A Bird In The Hand, A Pig In A Poke... Basically, You've Still Got A Cornered Animal.

For what's resonating with me this morning: not ten minutes after reading this post from Ezra about airline travel, a friend called me to express frustration that some "flight coupons" she'd been given were, essentially worthless: though she'd tried everything in her power, she could not get the flights she wanted, to the city she wanted, and, in essence, the vouchers were probably of no use at all.

Well, I could have told her that (and I did, as gently as possible) - the post Ezra links to, from Chris Hayes, is a response by an "airline industry insider" who says what's been said for some time: airlines are in a terrible way, they're basically desperate to control costs and make money, and pretty much every choice they make is done with that iin mind.

It sort of surprises me that people haven't figured this out yet. We're in a recession (no, really, we are), the stock markets are in serious Bear territory... and yet the realities don't seem to sink in. There's a lovely "la la la" quality to the way many people still talk about gas prices, or housing foreclosures, as if minor inconveniences will just, eventually, go away. Later, the thought seems to go, when gas prices get back to normal... this will all be fine.

It's not going to happen, of course, and we won't. Gas prices aren't coming down. Housing foreclosures are not abating. That housing bill that passed the House (that the President realized he can't veto and still be considered sane) will do almost nothing to solve the problems. Indeed, this morning, just a half hour after listening to an NPR correspondent say that home sales seem to have leveled off... came the news that existing home sales have fallen to a ten year low.

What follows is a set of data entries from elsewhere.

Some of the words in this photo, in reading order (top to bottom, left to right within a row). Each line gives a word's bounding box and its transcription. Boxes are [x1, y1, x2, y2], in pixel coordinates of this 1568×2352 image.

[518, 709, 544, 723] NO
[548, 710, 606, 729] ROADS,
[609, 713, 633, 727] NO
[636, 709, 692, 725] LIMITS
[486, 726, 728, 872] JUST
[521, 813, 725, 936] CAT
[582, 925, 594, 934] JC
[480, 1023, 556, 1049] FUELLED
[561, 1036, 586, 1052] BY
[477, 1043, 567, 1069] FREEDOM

It's the reason I think the dividing line in this country now is not left/right but economic - either you're already living the financial crisis... or you will be. And from the Crisis side, let me tell you, I don't worry about plane tickets. Or home sales.  I'm mostly worried about how to pay for lunch tomorrow. Seriously. There's no more free rides and as more people get cornered into bad circumstances... I'd say, watch out. Because there's no telling what a cornered animal will do. There's no more free rides... and the reason not to look the gift horse in the mouth... is because they bite.

July 22, 2008

Have You Seen Your Mother, Baby, Standing In The Shadows?

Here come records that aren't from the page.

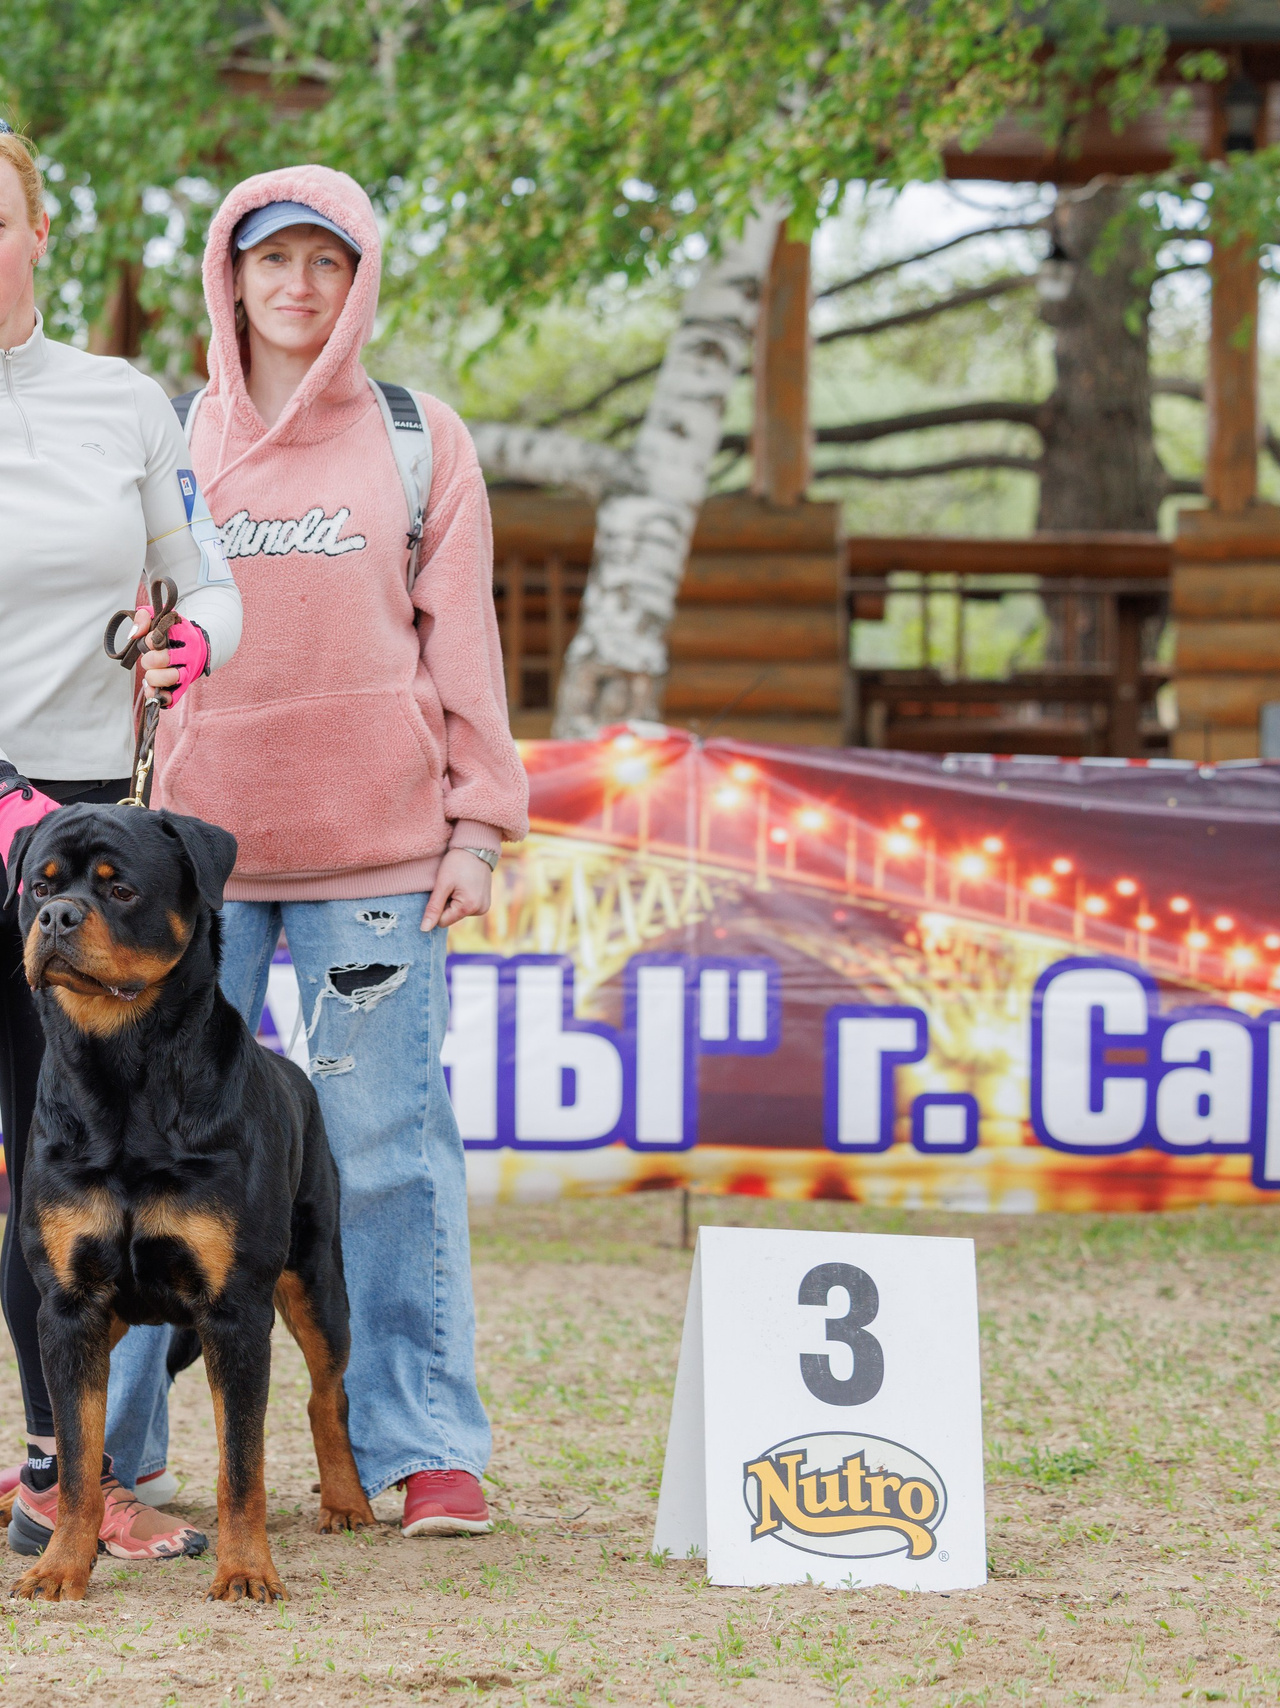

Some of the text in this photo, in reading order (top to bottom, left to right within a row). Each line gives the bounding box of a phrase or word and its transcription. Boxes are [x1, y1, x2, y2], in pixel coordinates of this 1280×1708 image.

[836, 1016, 968, 1146] г.
[797, 1261, 885, 1407] 3
[743, 1450, 939, 1560] Nutro
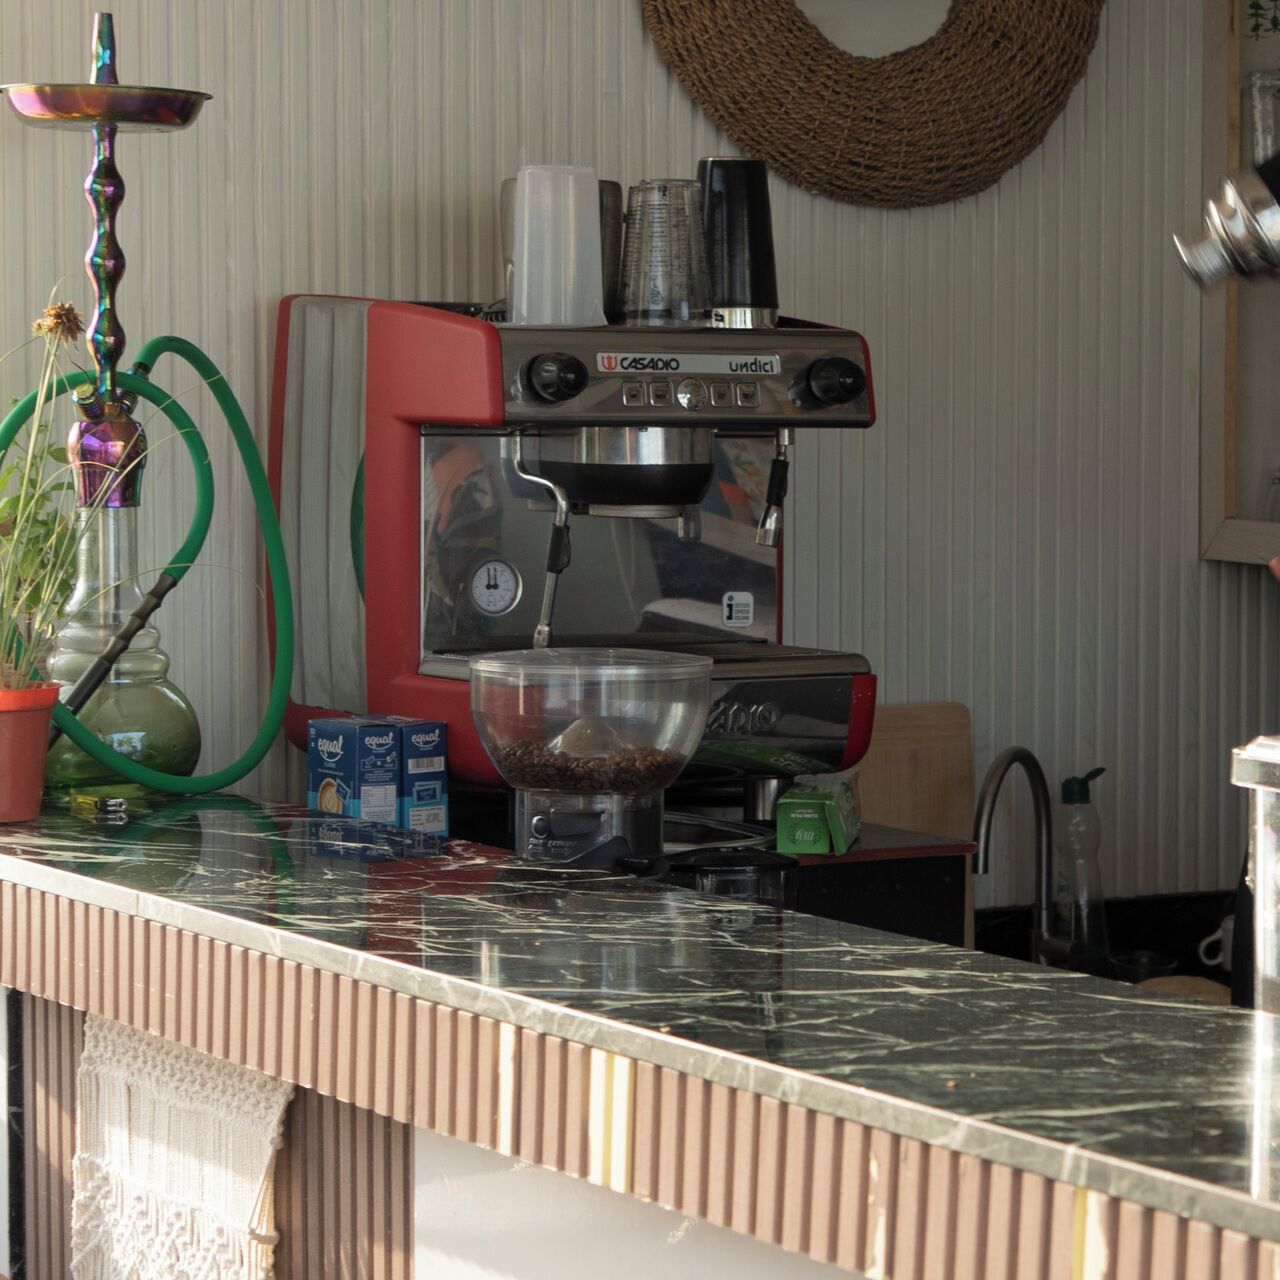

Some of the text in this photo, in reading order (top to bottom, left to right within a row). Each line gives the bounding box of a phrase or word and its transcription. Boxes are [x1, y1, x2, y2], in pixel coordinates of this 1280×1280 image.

[620, 357, 776, 374] CASADIO undici
[706, 702, 783, 734] ADIO
[317, 735, 345, 757] equal
[364, 732, 395, 748] equal
[410, 729, 442, 746] equal

Well, I didn't intend to go four days without posting, and my thanks to the 3 or 4 diehards who refuse to give up on me (especially my best friend J, who posted the flowerlude - and can we just say how beautiful his flower photos are - and wrote to make sure I wasn't dead).

I'm not dead... but I'm struggling. Some of it is.... well, personal, and I really won't be sharing it here (that's not my way); some of it is also personal, but part of the political scene as well. So I thought that would be as good a place as any to start.

As you might guess, since I talk about being a Starbuckian, my income is not what it once was, or what it needs to be. No disrespect to Howard intended, but it's hard to get by on a small hourly wage and the kindness of strangers (a/k/a tips). What started as a merely interesting moment of feeling somewhat strapped has gone on to a feeling of being generally destitute. And it's hard, not so much because of all the things I can't have or do - in the end, you come to appreciate that unnecessary things are, well, unnecessary - but because writing (when I am writing) is providing so much joy, it's hard to contemplate giving that up to chase extra income.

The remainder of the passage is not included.